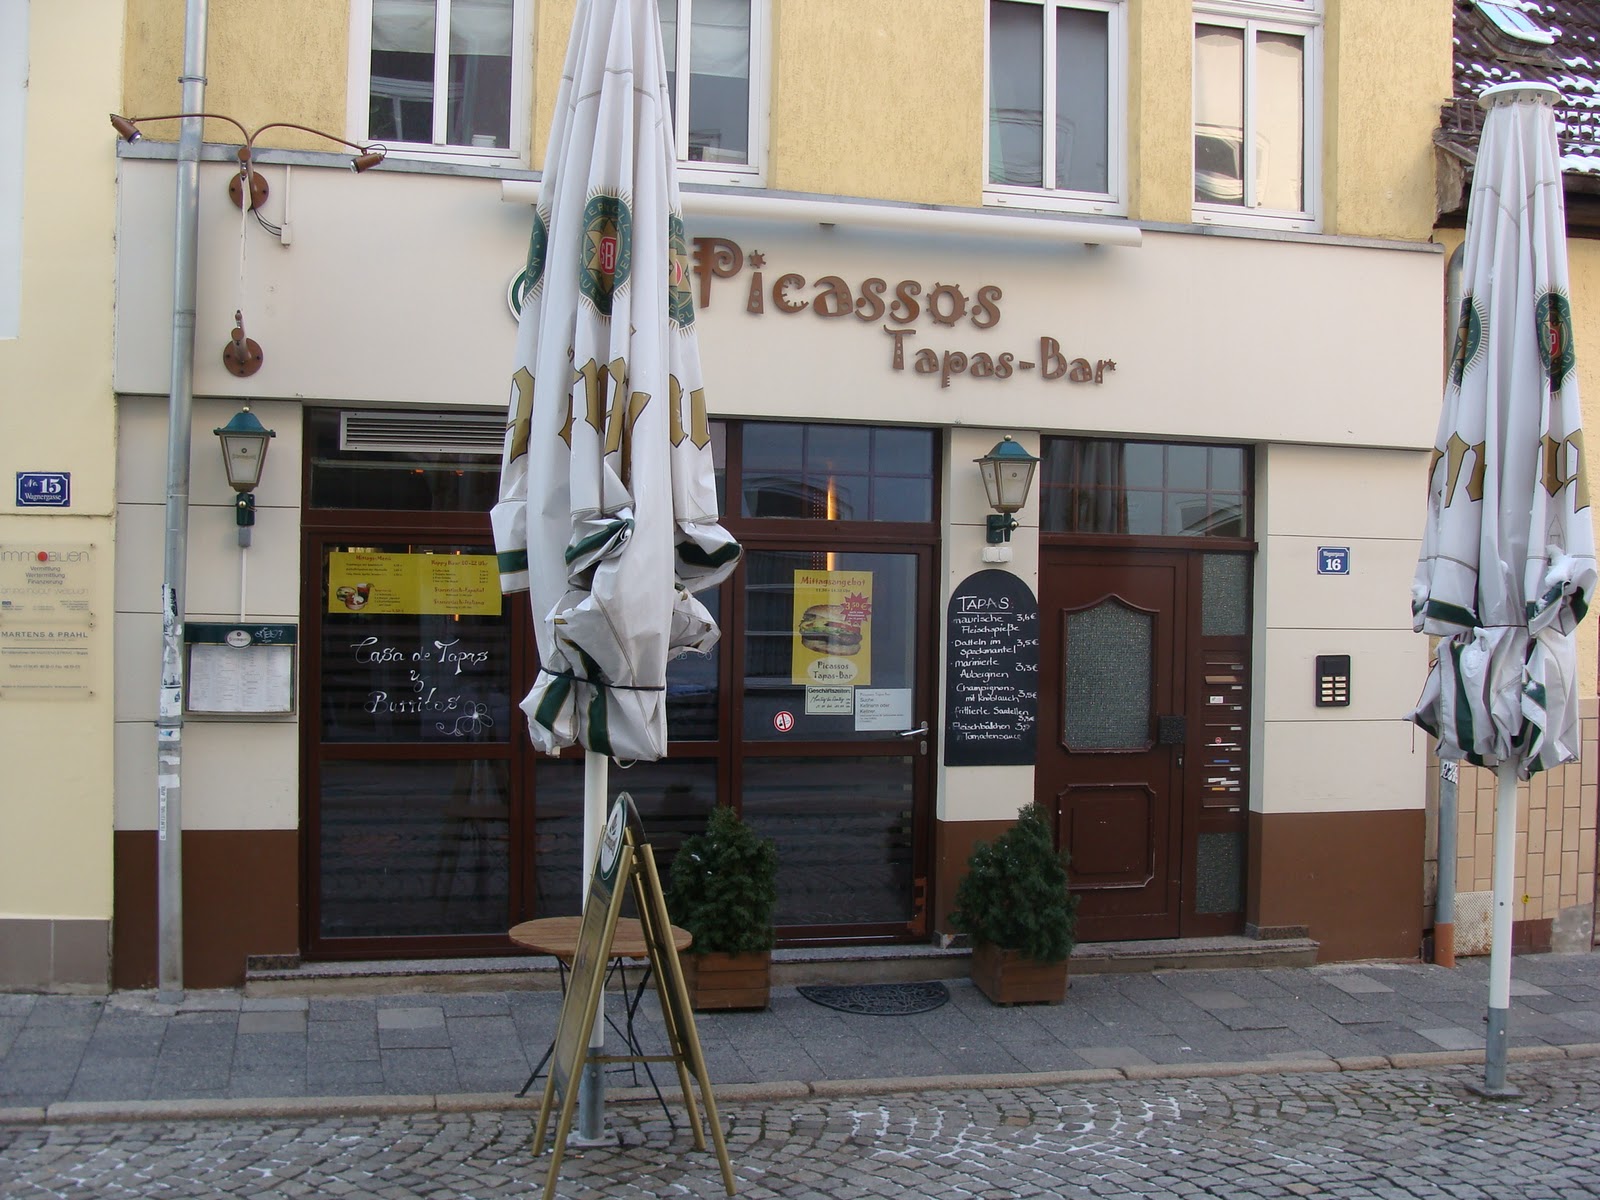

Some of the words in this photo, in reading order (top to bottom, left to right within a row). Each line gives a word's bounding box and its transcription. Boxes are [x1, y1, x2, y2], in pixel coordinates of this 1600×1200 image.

[693, 237, 1003, 329] Picassos
[883, 325, 1117, 388] Tapas-Bar
[40, 478, 62, 494] 15
[24, 493, 62, 502] Wagnergasse
[1325, 558, 1341, 571] 16
[800, 575, 866, 588] Mittagsangebot
[350, 636, 404, 664] Casa
[412, 646, 431, 661] de
[434, 638, 489, 675] Tapas
[817, 660, 849, 670] Picassos
[813, 671, 853, 681] Tapas-Bar
[364, 687, 461, 714] Burritos

■ **Activity**
Reproduce the data word for word; no pictures.

■ **Response area**
Some of the words in this photo, in reading order (top to bottom, left to right within a row). Each line gives a word's bounding box and its transcription. Boxes are [x1, y1, x2, y2], in pixel coordinates of this 1600×1200 image.

[693, 237, 1003, 329] Picassos
[883, 325, 1117, 388] Tapas-Bar
[40, 478, 62, 494] 15
[24, 493, 62, 502] Wagnergasse
[1325, 558, 1341, 571] 16
[800, 575, 866, 588] Mittagsangebot
[350, 636, 404, 664] Casa
[412, 646, 431, 661] de
[434, 638, 489, 675] Tapas
[817, 660, 849, 670] Picassos
[813, 671, 853, 681] Tapas-Bar
[364, 687, 461, 714] Burritos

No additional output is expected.